Срезав дерн и обнажив клочок земли примерно восемнадцати дюймов в диаметре, карлик-сид встал на колени и стал просеивать землю между пальцами, бормоча какие-то простые строфы. Затем он хмыкнул, извлек кинжал и начал осторожно копать мягкую землю.
– Ага! – Гофанон нашел то, что искал, и его лицо исказилось гримасой неподдельного отвращения. – Вот оно, Сактрик.
Ухватившись за прядь редких волос, он извлек из земли человеческую голову. Она была такой же высохшей, как у Сактрика, но, как ни странно, сохраняла следы не только женственности, но даже красоты, хотя довольно трудно говорить такое об отрубленной голове.
– Терхали! – выдохнул маленький черно-белый кот, и теперь в глазах его светилось откровенное обожание. – Причинил ли он тебе вред, любовь моя, обожаемая моя сестра?
И теперь у всех перехватило дыхание, когда голова открыла глаза. Они были чистые, ясные и отливали зеленоватым холодным блеском. Полусгнившие губы шевельнулись:
– Я слышу твой голос, Сактрик, дорогой мой, но не вижу твоего лица. Может, у меня еще не прояснилось зрение?
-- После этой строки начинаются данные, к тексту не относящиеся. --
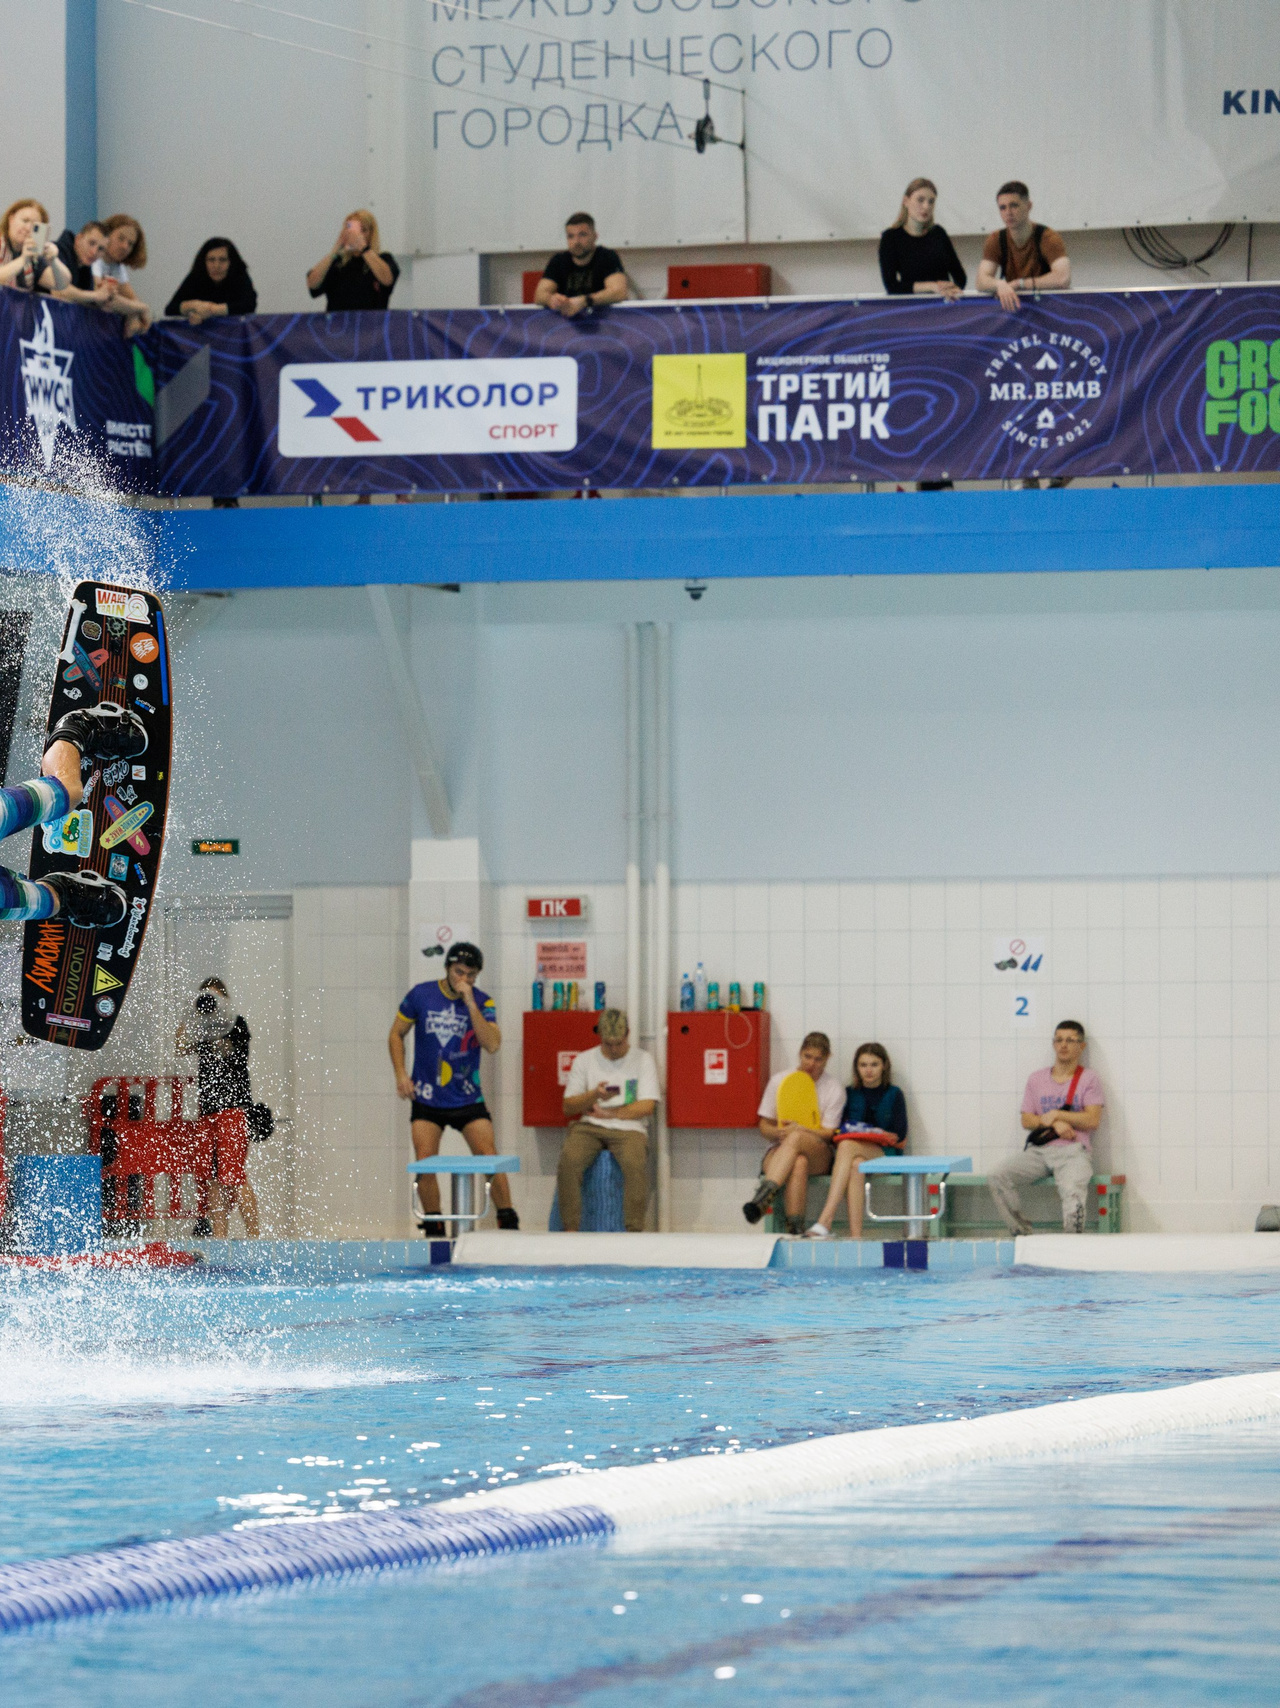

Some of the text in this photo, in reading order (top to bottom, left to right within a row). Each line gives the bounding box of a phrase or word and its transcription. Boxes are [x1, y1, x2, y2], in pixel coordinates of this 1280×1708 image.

– Нет, просто в данное время мне приходится обитать в теле этого кота. Но скоро мы обретем новые подходящие тела и окажемся в другой плоскости. Появилась возможность наконец покинуть этот мир, любовь моя.
С Инис Скайта путешественники прихватили с собой шкатулку и теперь поместили голову в это хранилище из золота и бронзы. Пока крышка не закрылась, глаза продолжали смотреть на них.
– Пока прощай, любимый мой Сактрик!
– Прощай, Терхали!
– И это ты украл у Сактрика, – пробормотал Корум, обращаясь к Гофанону.
– Ага, голову его сестры. Это все, что от нее осталось. Но и этого хватает. Мощи у нее столько же, сколько и у брата. Будь она на Инис Скайте, когда вы там оказались, сомневаюсь, что вы остались бы в живых.
– Гофанон прав, – сказал черно-белый кот, не отрывая взгляда от шкатулки, которую кузнец держал под мышкой. – Потому я и не мог покинуть эту плоскость, пока она не вернется ко мне. Терхали – все, что я люблю.
Джери-а-Конел любовно почесал кота за ушком.
– Правильно говорят, что даже самые бездушные из нас испытывают нежность к чему-то… – И он с нарочитым ужасом отпрянул от животного.
– А теперь, – сказал Корум, – мы должны спешить к Крайг Дону.
– Но где он? – озираясь, спросил Джери.
– Там, – ответил Илбрек, показывая на восток. – Там, где зима.
Корум почти забыл свирепость морозов Фои Миоре и мог только радоваться, что они догадались заглянуть в покинутое поселение и нашли там верховых лошадей и одежду из густого меха, без которой оказались бы в печальном положении. Даже Илбрек закутался в накидку из песцового и куньего мехов.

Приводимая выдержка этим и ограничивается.